Data to use section start

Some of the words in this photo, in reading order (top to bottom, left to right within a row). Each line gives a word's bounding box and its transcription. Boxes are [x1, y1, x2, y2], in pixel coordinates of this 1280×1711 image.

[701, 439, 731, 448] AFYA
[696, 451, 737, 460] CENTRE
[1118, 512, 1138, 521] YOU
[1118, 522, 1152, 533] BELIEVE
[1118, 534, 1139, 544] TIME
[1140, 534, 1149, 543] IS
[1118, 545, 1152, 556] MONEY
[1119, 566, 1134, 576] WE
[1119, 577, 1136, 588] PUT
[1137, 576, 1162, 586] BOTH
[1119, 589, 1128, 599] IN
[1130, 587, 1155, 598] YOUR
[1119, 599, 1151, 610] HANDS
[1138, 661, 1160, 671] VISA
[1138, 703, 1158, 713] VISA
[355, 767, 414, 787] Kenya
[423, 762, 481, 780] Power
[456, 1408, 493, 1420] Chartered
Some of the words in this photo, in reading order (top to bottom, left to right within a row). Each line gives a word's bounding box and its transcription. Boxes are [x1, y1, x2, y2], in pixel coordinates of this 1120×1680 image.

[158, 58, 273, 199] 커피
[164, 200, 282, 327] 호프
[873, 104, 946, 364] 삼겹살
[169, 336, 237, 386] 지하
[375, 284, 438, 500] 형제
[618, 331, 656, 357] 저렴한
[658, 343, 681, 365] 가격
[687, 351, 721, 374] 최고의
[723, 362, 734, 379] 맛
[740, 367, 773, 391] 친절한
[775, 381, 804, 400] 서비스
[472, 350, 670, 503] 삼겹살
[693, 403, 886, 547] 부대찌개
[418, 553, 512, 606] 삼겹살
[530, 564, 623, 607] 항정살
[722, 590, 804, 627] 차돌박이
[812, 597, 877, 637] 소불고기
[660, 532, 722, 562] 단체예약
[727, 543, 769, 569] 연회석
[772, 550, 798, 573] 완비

Data to use section end

Exercise directions
Set down each line of the material above again, exactly.

Solution for this problem
Some of the words in this photo, in reading order (top to bottom, left to right within a row). Each line gives a word's bounding box and its transcription. Boxes are [x1, y1, x2, y2], in pixel coordinates of this 1280×1711 image.

[701, 439, 731, 448] AFYA
[696, 451, 737, 460] CENTRE
[1118, 512, 1138, 521] YOU
[1118, 522, 1152, 533] BELIEVE
[1118, 534, 1139, 544] TIME
[1140, 534, 1149, 543] IS
[1118, 545, 1152, 556] MONEY
[1119, 566, 1134, 576] WE
[1119, 577, 1136, 588] PUT
[1137, 576, 1162, 586] BOTH
[1119, 589, 1128, 599] IN
[1130, 587, 1155, 598] YOUR
[1119, 599, 1151, 610] HANDS
[1138, 661, 1160, 671] VISA
[1138, 703, 1158, 713] VISA
[355, 767, 414, 787] Kenya
[423, 762, 481, 780] Power
[456, 1408, 493, 1420] Chartered
Some of the words in this photo, in reading order (top to bottom, left to right within a row). Each line gives a word's bounding box and its transcription. Boxes are [x1, y1, x2, y2], in pixel coordinates of this 1120×1680 image.

[158, 58, 273, 199] 커피
[164, 200, 282, 327] 호프
[873, 104, 946, 364] 삼겹살
[169, 336, 237, 386] 지하
[375, 284, 438, 500] 형제
[618, 331, 656, 357] 저렴한
[658, 343, 681, 365] 가격
[687, 351, 721, 374] 최고의
[723, 362, 734, 379] 맛
[740, 367, 773, 391] 친절한
[775, 381, 804, 400] 서비스
[472, 350, 670, 503] 삼겹살
[693, 403, 886, 547] 부대찌개
[418, 553, 512, 606] 삼겹살
[530, 564, 623, 607] 항정살
[722, 590, 804, 627] 차돌박이
[812, 597, 877, 637] 소불고기
[660, 532, 722, 562] 단체예약
[727, 543, 769, 569] 연회석
[772, 550, 798, 573] 완비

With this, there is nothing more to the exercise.